Ce flou est essentiel. Dans les sources nordiques, le troll n’est pas une figure parfaitement rangée dans une case. Il se mêle aux créatures mythiques du Nord, croise les jötnar, se rapproche de figures hostiles ou surnaturelles, et garde une part d’ombre que les chercheurs eux-mêmes soulignent.
Dans l’Edda de Snorri, rédigée vers 1220, le mot apparaît déjà. Thor y part combattre des trolls à l’est. Dans d’autres textes, on rencontre des femmes-trolls, des demi-trolls, ou des êtres si étranges qu’on hésite entre démon, géant, sorcière et esprit sauvage. Pas très rassurant.
Un Mot Lié À La Magie Et À La Furie
Le vieux norrois rapproche aussi le troll du verbe trylla, associé à l’idée d’enchanter, de troubler, de rendre fou. Voilà qui change tout. Le troll n’est pas seulement une masse brutale : il appartient aussi au monde du charme sombre, du dérèglement, de la puissance invisible.
Dans les langues scandinaves modernes, beaucoup de mots issus de cette famille parlent encore de sorcellerie ou d’enchantement. Ce détail linguistique dit quelque chose de profond : à l’origine, le troll touche autant à la magie qu’à la force. C’est une nuance que la culture populaire oublie souvent.
Dans La Mythologie Scandinave, Des Voisins Des Géants
Quand on remonte vers la mythologie scandinave, le troll se rapproche fréquemment des jötnar, ces êtres souvent traduits par « géants ». Pourtant, les deux ne se confondent pas complètement. Les géants mythologiques vivent parfois en communauté, possèdent des demeures, des richesses, des lignées. Le troll du folklore, lui, devient plus isolé, plus rugueux, plus lié aux zones sauvages.
Cette différence compte. Elle montre une évolution progressive entre la grande matière mythique des Vikings et les récits populaires transmis ensuite. Le troll s’éloigne du monde héroïque pour entrer dans celui des villages, des peurs nocturnes, des accidents dans la montagne et des chemins qu’on évite après la tombée du jour.
Au fond, il incarne souvent l’opposition aux hommes et aux dieux. Pas forcément un mal absolu, plutôt une force étrangère à l’ordre humain. C’est là que naît sa puissance symbolique.

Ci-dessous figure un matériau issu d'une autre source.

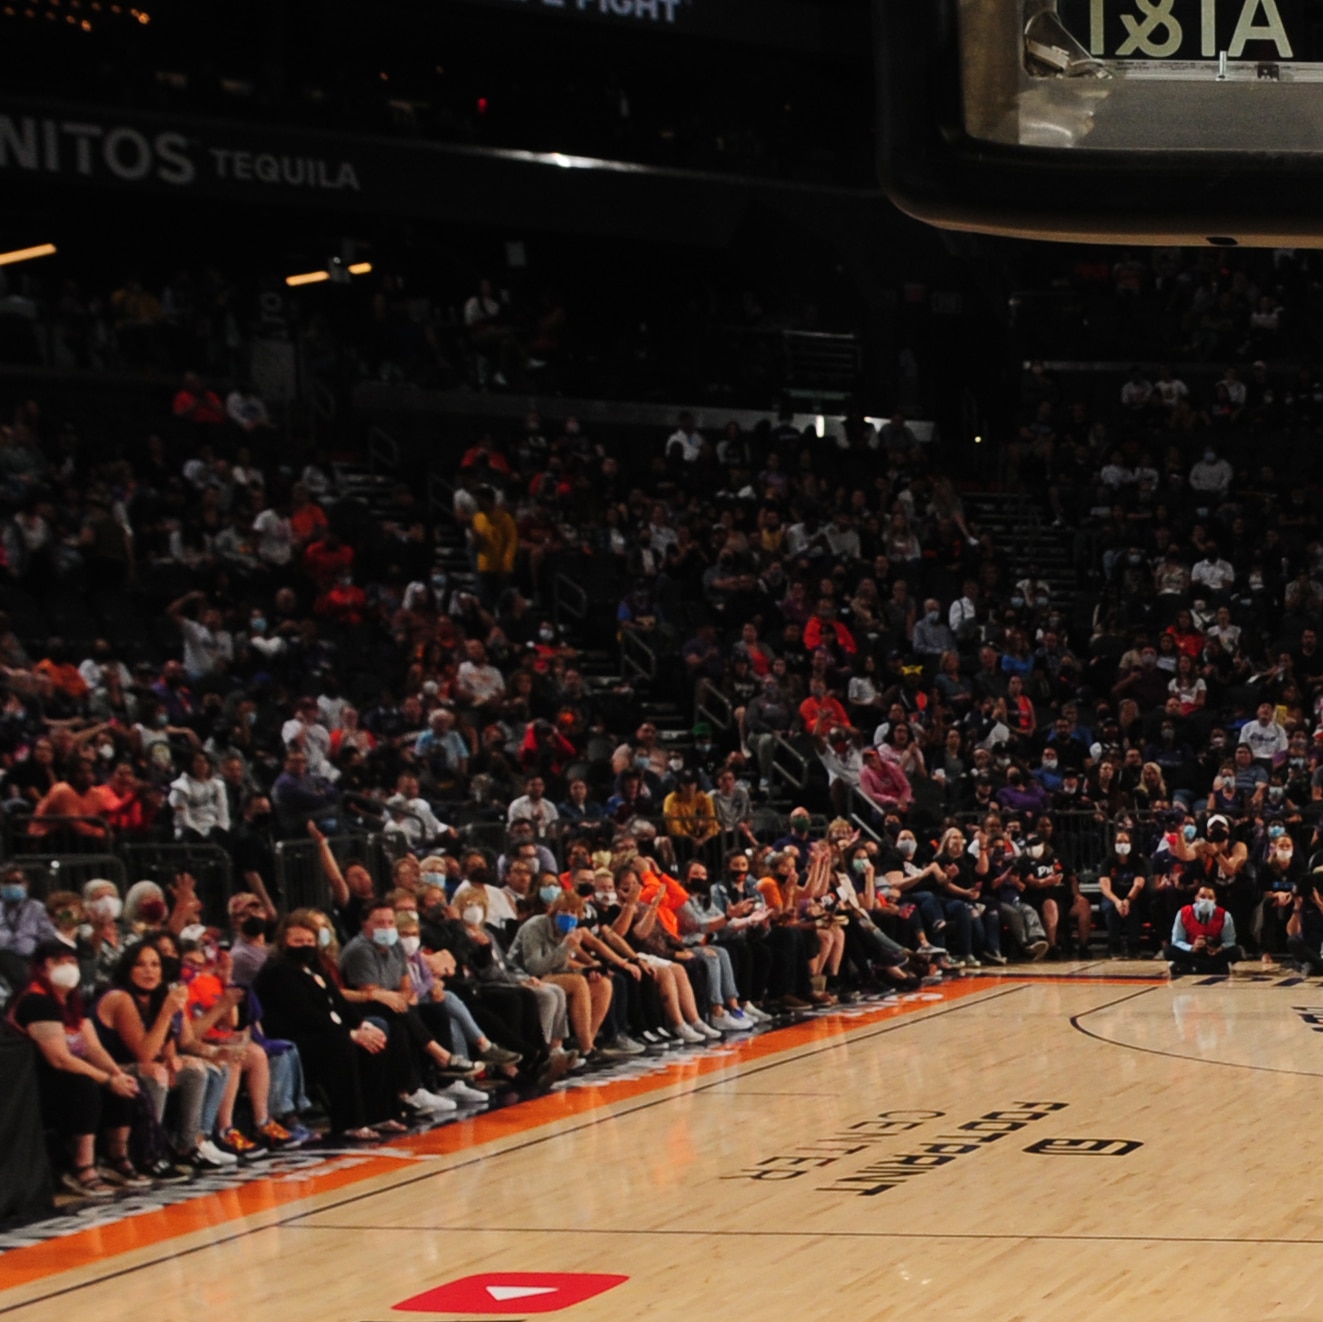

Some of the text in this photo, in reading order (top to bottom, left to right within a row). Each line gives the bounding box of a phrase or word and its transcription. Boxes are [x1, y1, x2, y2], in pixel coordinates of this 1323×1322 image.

[208, 146, 361, 193] TEQUILA
[719, 1109, 946, 1181] CENTER
[815, 1101, 1070, 1197] FOOTPRINT
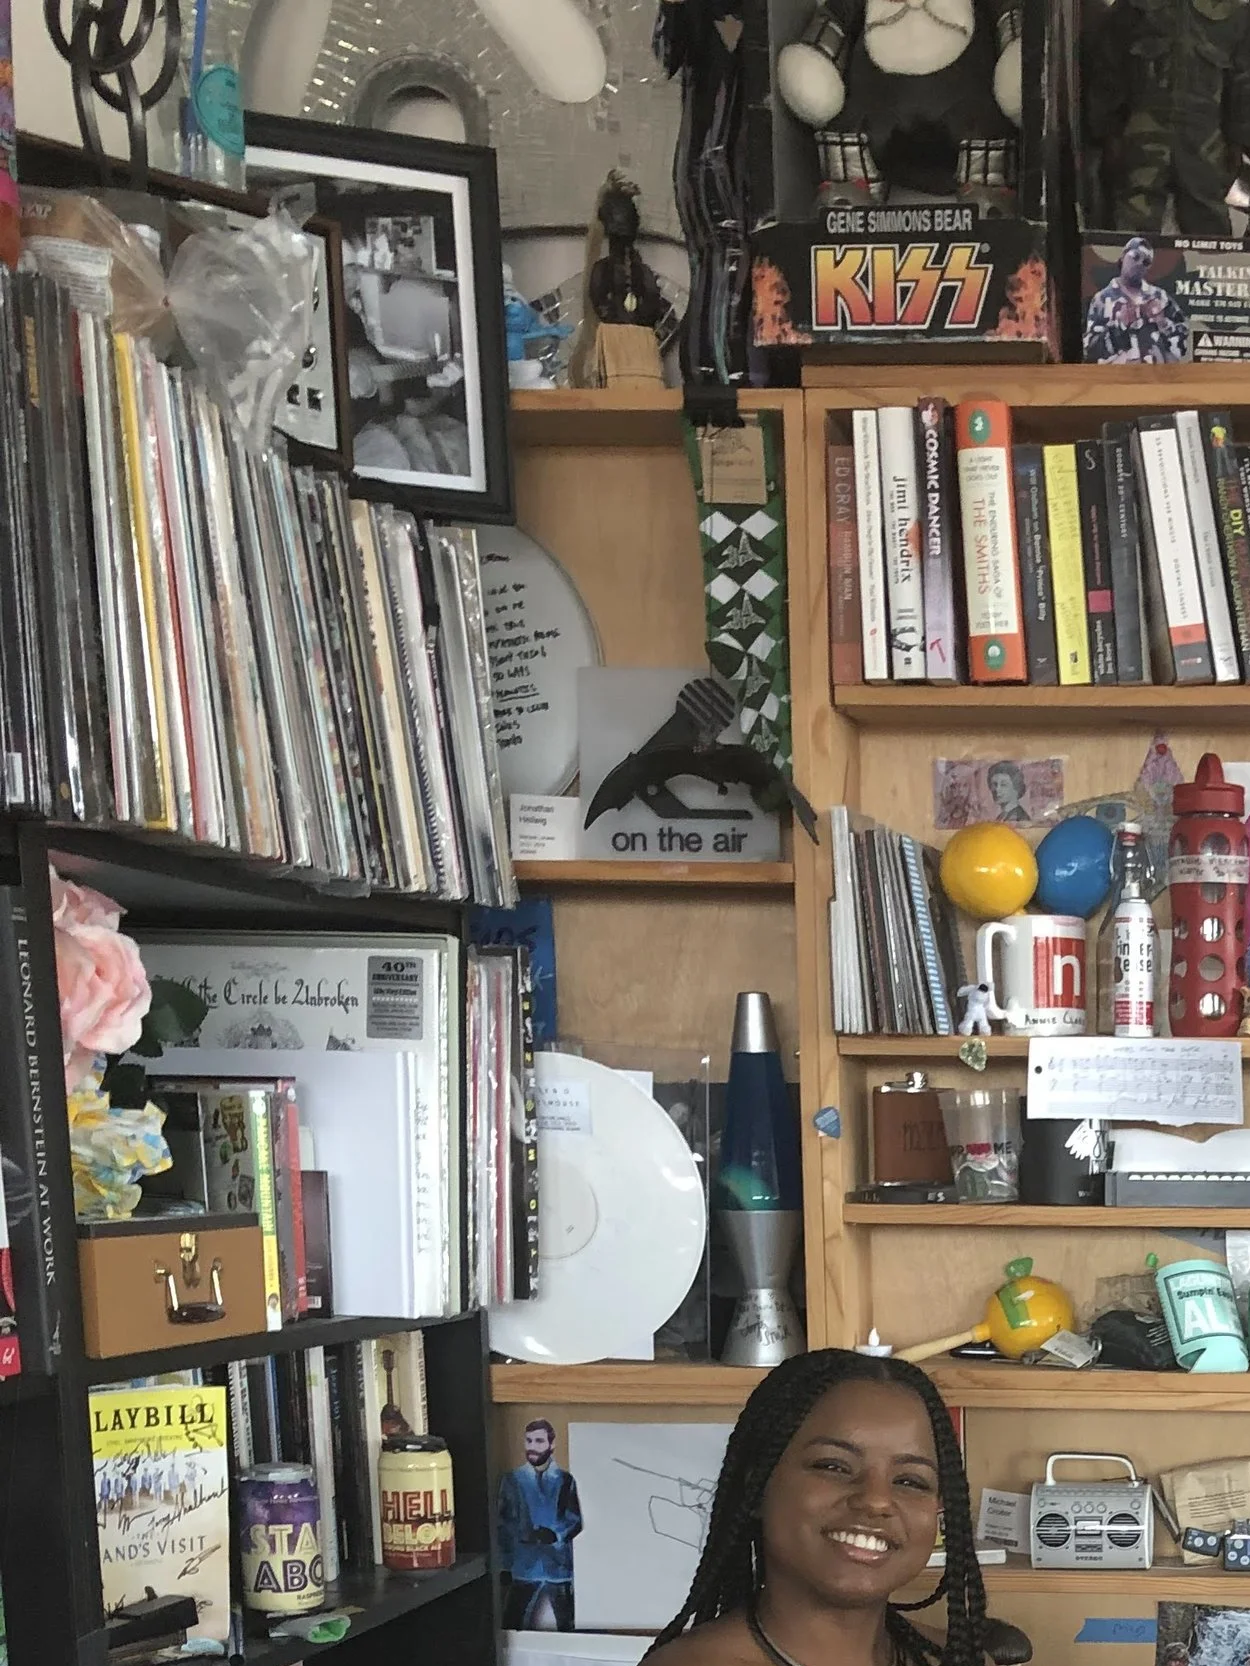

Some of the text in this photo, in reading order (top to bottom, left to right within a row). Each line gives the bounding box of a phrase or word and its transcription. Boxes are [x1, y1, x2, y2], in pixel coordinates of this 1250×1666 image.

[827, 210, 973, 233] GENE SIMMONS BEAR
[811, 242, 994, 330] KISS
[1175, 280, 1250, 297] MASTER
[925, 429, 941, 556] COSMIC DANCER
[892, 475, 913, 583] jimi hendrix
[1230, 509, 1246, 537] DIY
[972, 499, 990, 596] THE SMITHS
[611, 827, 748, 853] on the air
[223, 977, 359, 1014] Circle be Unbroken
[17, 938, 57, 1286] LEONARD BERNSTEIN AT WORK
[94, 1402, 214, 1433] LAYBILL
[382, 1489, 452, 1523] HELL
[157, 1535, 206, 1557] VISIT
[251, 1522, 321, 1556] STA
[383, 1521, 453, 1543] BELOW
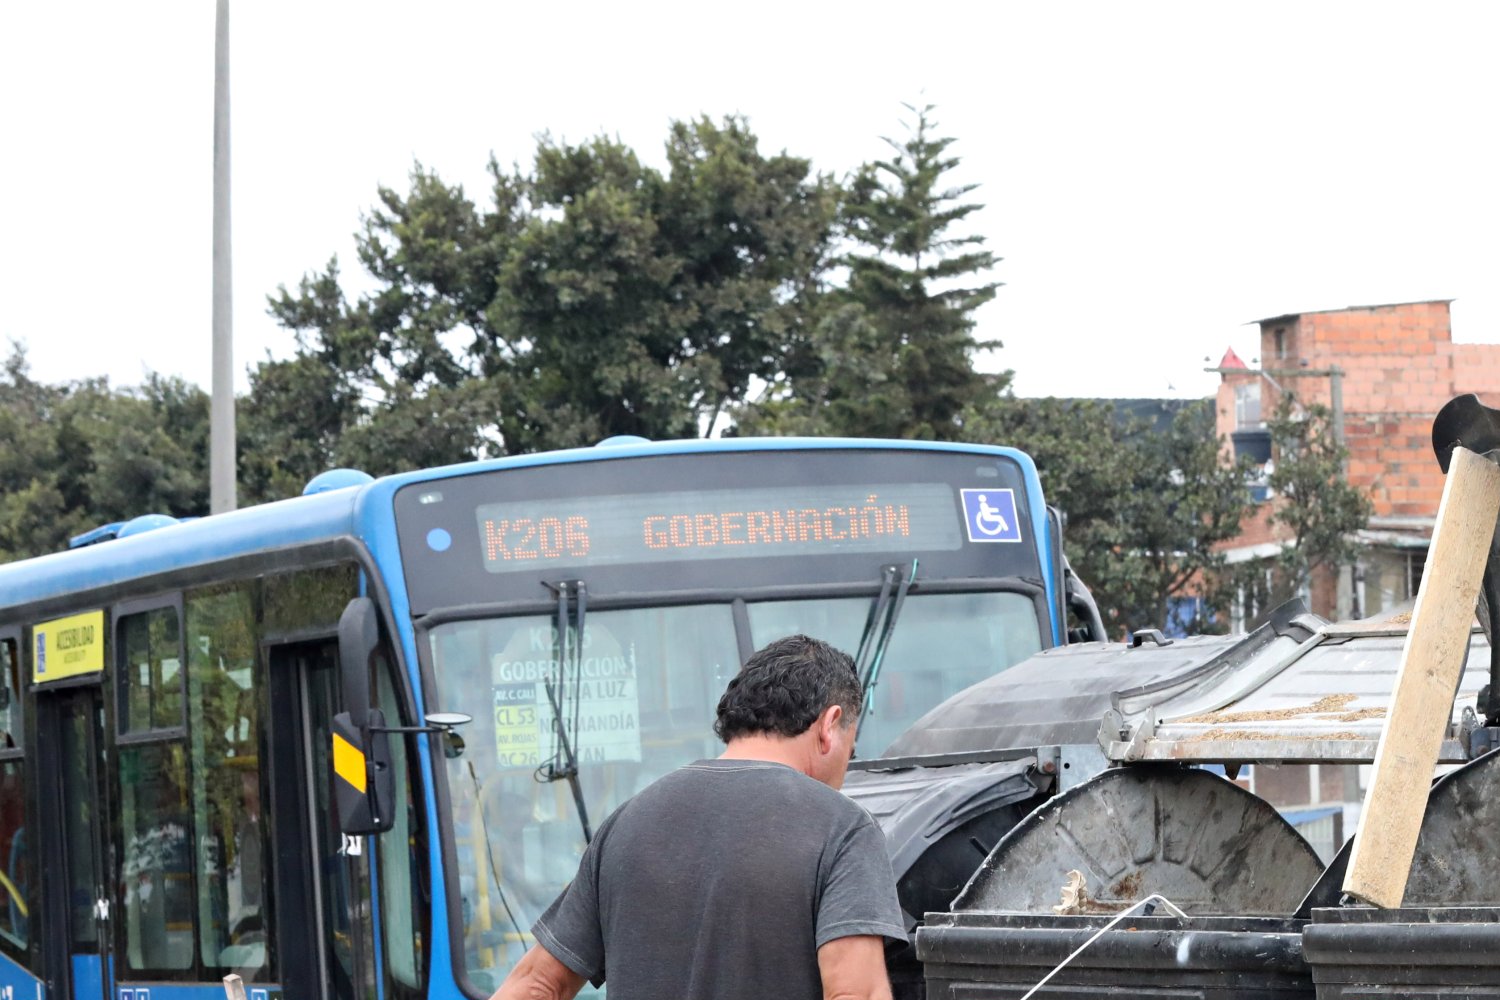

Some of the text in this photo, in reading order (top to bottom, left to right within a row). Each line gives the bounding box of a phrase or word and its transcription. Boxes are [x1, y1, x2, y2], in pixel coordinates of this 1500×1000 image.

[484, 495, 910, 561] K206 GOBERNACIÓN
[597, 681, 627, 698] LUZ
[497, 707, 535, 726] CL 53
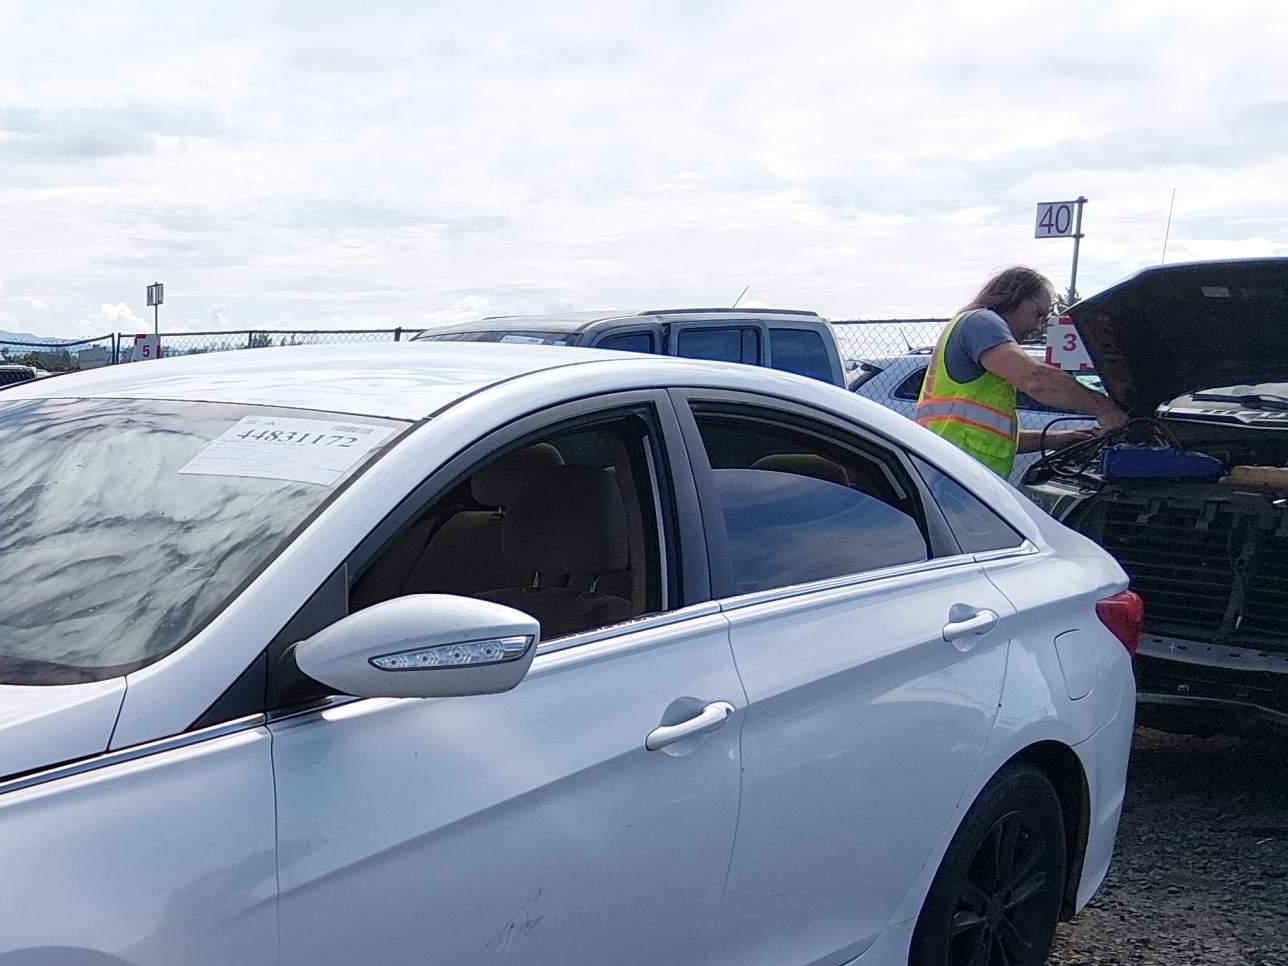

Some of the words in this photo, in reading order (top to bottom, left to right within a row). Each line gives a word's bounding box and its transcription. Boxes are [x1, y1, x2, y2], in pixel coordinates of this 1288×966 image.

[1039, 204, 1071, 234] 40
[142, 345, 151, 358] 5
[1062, 333, 1078, 352] 3
[237, 428, 359, 447] 44831172

Des Forces Naturelles Plus Que Des Monstres Simples
Dans bien des récits, le troll représente la montagne qui bouge, la forêt qui observe, la mer qui dévore. Une formule d’auteur norvégien du XXe siècle l’exprime très bien : le troll serait presque la nature de la Norvège mise en mouvement. Cette image reste forte aujourd’hui encore, parce qu’elle colle au paysage.
On comprend alors pourquoi les mystères nordiques lui vont si bien. Le troll n’est pas qu’une créature : c’est une façon de raconter ce qui dépasse l’homme.
Folklore Scandinave : Forêts, Rochers Et Montagnes Habitées
Dans le folklore scandinave, le troll vit rarement au centre du village. Il préfère les marges : la montagne solitaire, la forêt épaisse, le rocher fendu, la côte battue par les vagues. Ces lieux ne servent pas seulement de décor. Ils donnent au récit sa logique. Là où le paysage devient hostile, le troll peut apparaître.
Les légendes le décrivent souvent de manière très vague. Sa taille varie. Son visage aussi. Parfois il ressemble presque à un humain. Parfois il devient énorme, velu, grotesque. Cette souplesse est typique des traditions orales : on transmet un danger, pas une fiche d’identité.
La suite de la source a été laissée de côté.